◆ Activity ◆
The entries must be set down again word for word; no pictures belong in the copy.

Input data Block Start

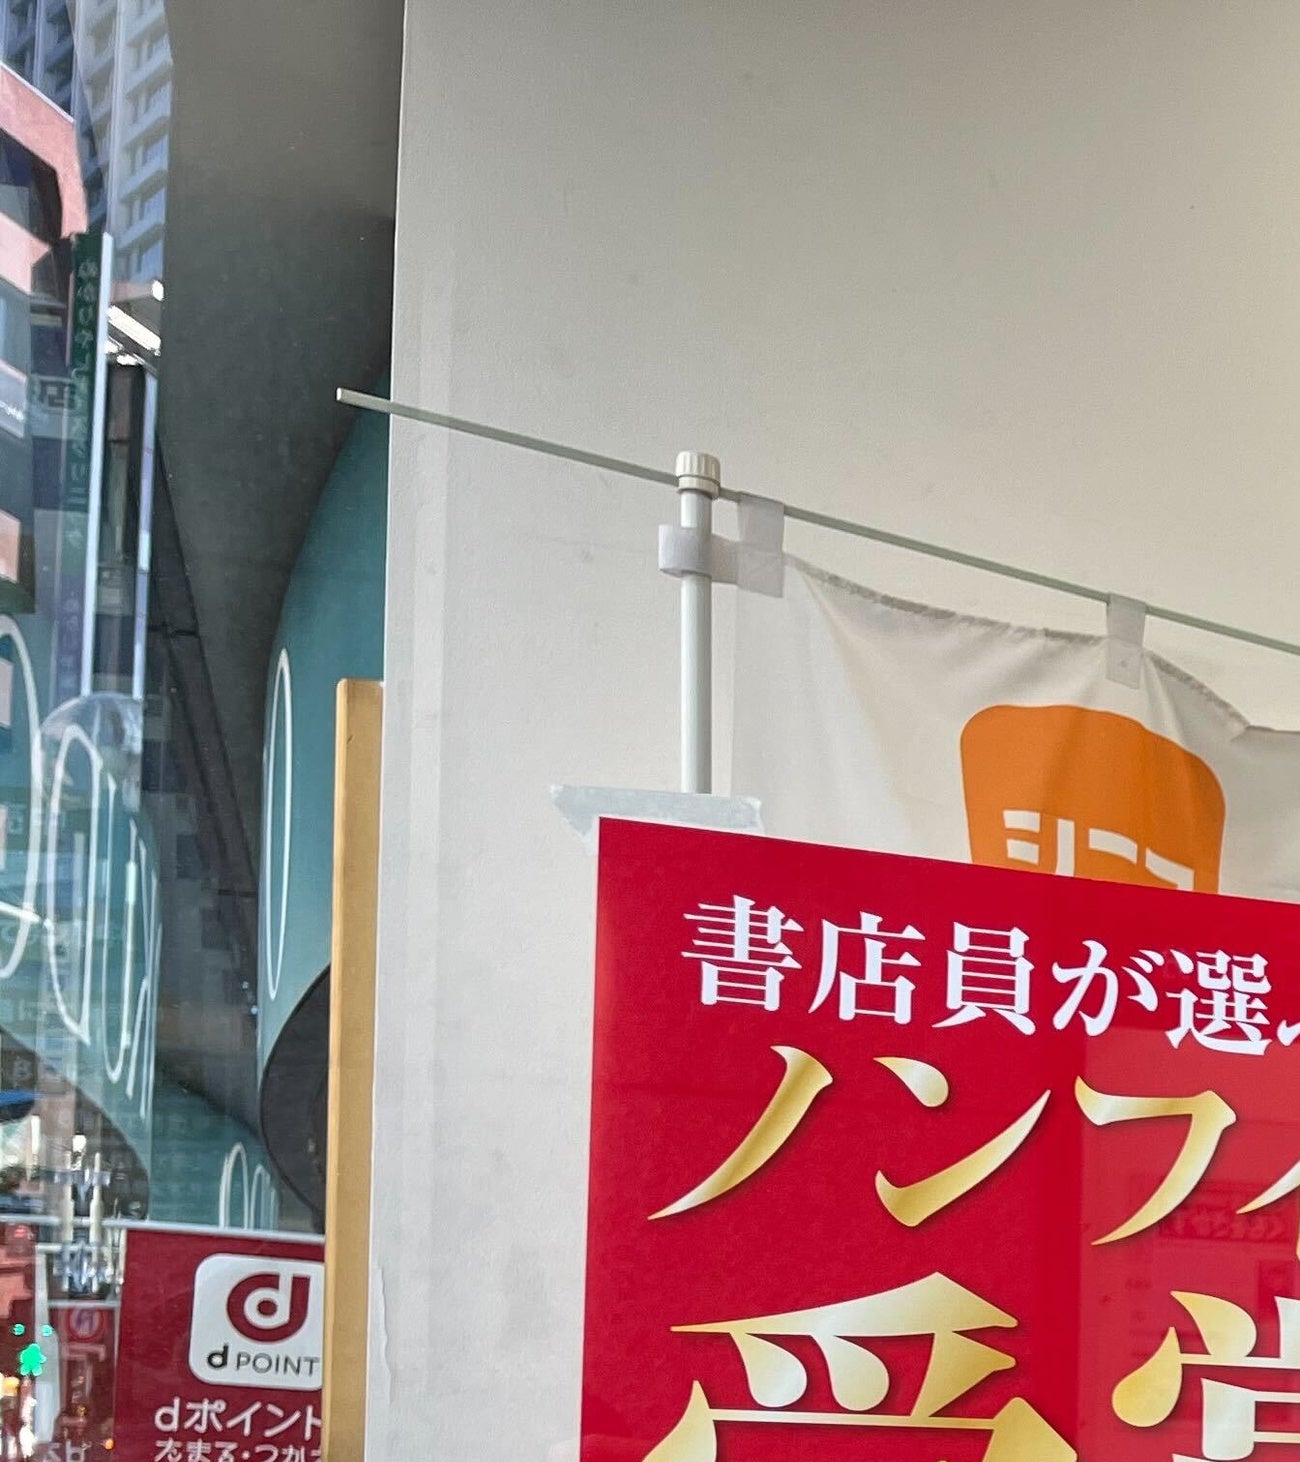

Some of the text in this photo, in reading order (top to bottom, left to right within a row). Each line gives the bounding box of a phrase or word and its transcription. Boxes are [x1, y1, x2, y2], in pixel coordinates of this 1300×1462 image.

[236, 1352, 320, 1378] POINT
[154, 1397, 323, 1441] dポイント
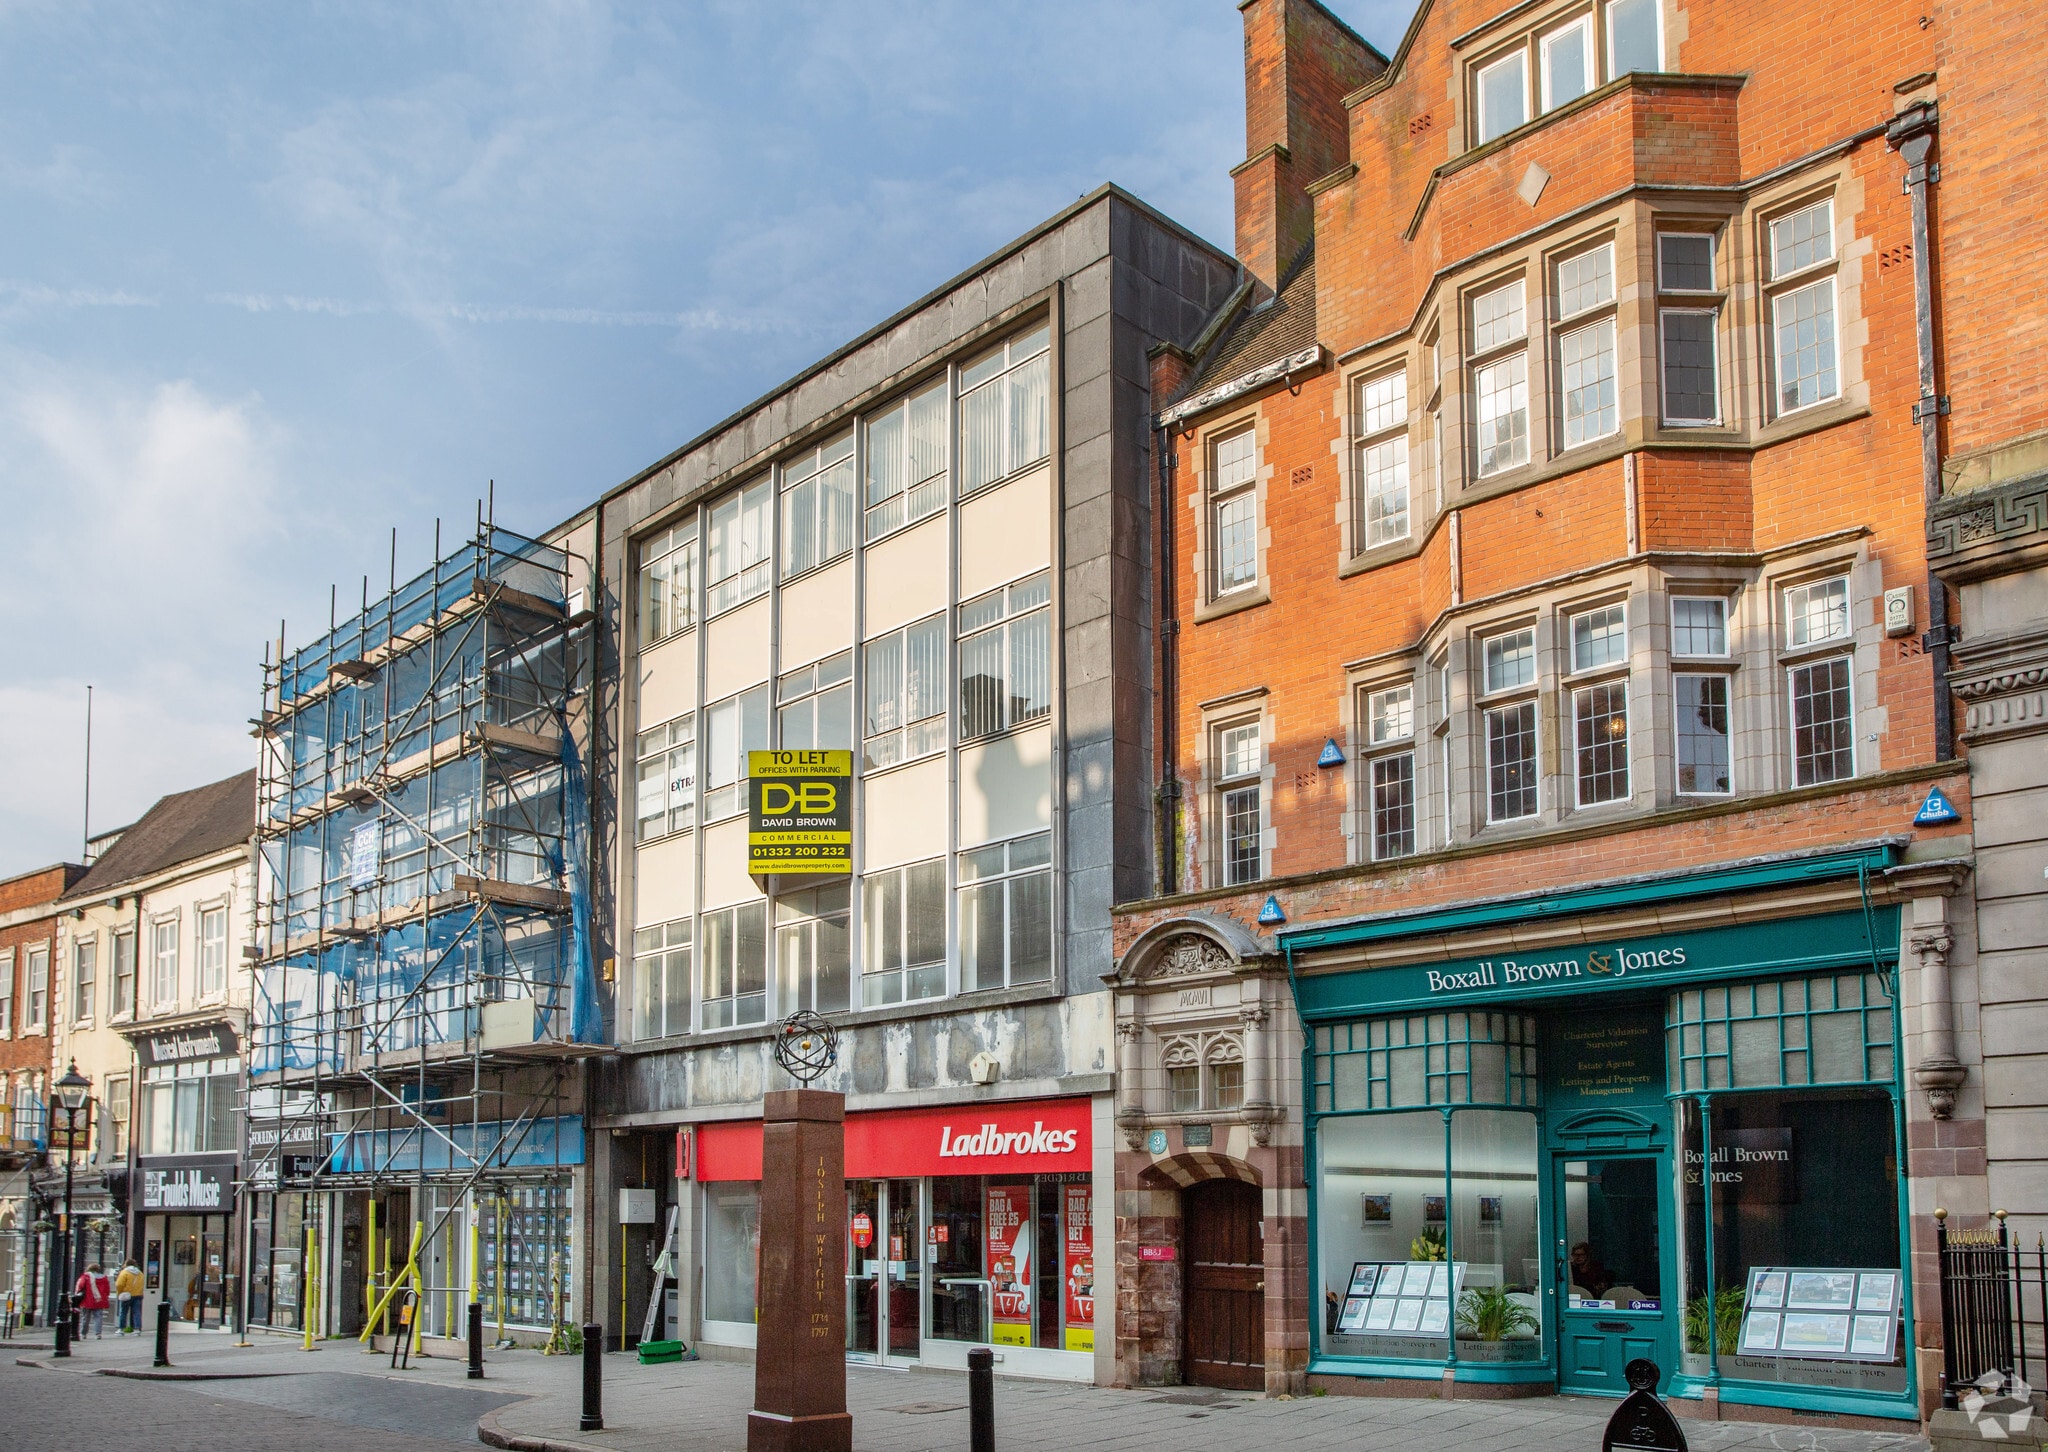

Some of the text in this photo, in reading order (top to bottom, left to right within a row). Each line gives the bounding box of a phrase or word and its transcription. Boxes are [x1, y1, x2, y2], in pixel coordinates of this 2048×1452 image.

[771, 752, 829, 764] TO LET
[789, 766, 808, 774] WITH
[810, 766, 840, 774] PARKING
[1920, 809, 1949, 819] Chubb
[762, 818, 836, 827] DAVID BROWN
[753, 847, 845, 856] 01332 200 232
[1426, 947, 1686, 992] Boxall Brown & Jones
[1586, 1040, 1628, 1049] Surveyors
[1578, 1060, 1635, 1070] Estate Agents
[1596, 1075, 1611, 1084] and
[1614, 1074, 1651, 1085] Property
[1580, 1086, 1634, 1096] Management
[939, 1121, 1077, 1157] Ladbrokes
[1154, 1136, 1160, 1145] 3
[1734, 1147, 1789, 1162] Brown
[1684, 1168, 1699, 1183] &
[158, 1171, 189, 1207] Foulds
[189, 1170, 220, 1206] Music
[989, 1199, 1012, 1212] BAG A
[1068, 1198, 1085, 1212] BAG
[989, 1212, 1019, 1226] FREE £5
[1068, 1212, 1087, 1226] FREE
[990, 1226, 1003, 1240] BET
[1068, 1227, 1083, 1240] BET
[1463, 1342, 1495, 1351] Lettings

Input data Block End

◆ Written answer ◆
Some of the text in this photo, in reading order (top to bottom, left to right within a row). Each line gives the bounding box of a phrase or word and its transcription. Boxes are [x1, y1, x2, y2], in pixel coordinates of this 1300×1462 image.

[236, 1352, 320, 1378] POINT
[154, 1397, 323, 1441] dポイント

Some of the text in this photo, in reading order (top to bottom, left to right within a row). Each line gives the bounding box of a phrase or word and its transcription. Boxes are [x1, y1, x2, y2], in pixel coordinates of this 2048×1452 image.

[771, 752, 829, 764] TO LET
[789, 766, 808, 774] WITH
[810, 766, 840, 774] PARKING
[1920, 809, 1949, 819] Chubb
[762, 818, 836, 827] DAVID BROWN
[753, 847, 845, 856] 01332 200 232
[1426, 947, 1686, 992] Boxall Brown & Jones
[1586, 1040, 1628, 1049] Surveyors
[1578, 1060, 1635, 1070] Estate Agents
[1596, 1075, 1611, 1084] and
[1614, 1074, 1651, 1085] Property
[1580, 1086, 1634, 1096] Management
[939, 1121, 1077, 1157] Ladbrokes
[1154, 1136, 1160, 1145] 3
[1734, 1147, 1789, 1162] Brown
[1684, 1168, 1699, 1183] &
[158, 1171, 189, 1207] Foulds
[189, 1170, 220, 1206] Music
[989, 1199, 1012, 1212] BAG A
[1068, 1198, 1085, 1212] BAG
[989, 1212, 1019, 1226] FREE £5
[1068, 1212, 1087, 1226] FREE
[990, 1226, 1003, 1240] BET
[1068, 1227, 1083, 1240] BET
[1463, 1342, 1495, 1351] Lettings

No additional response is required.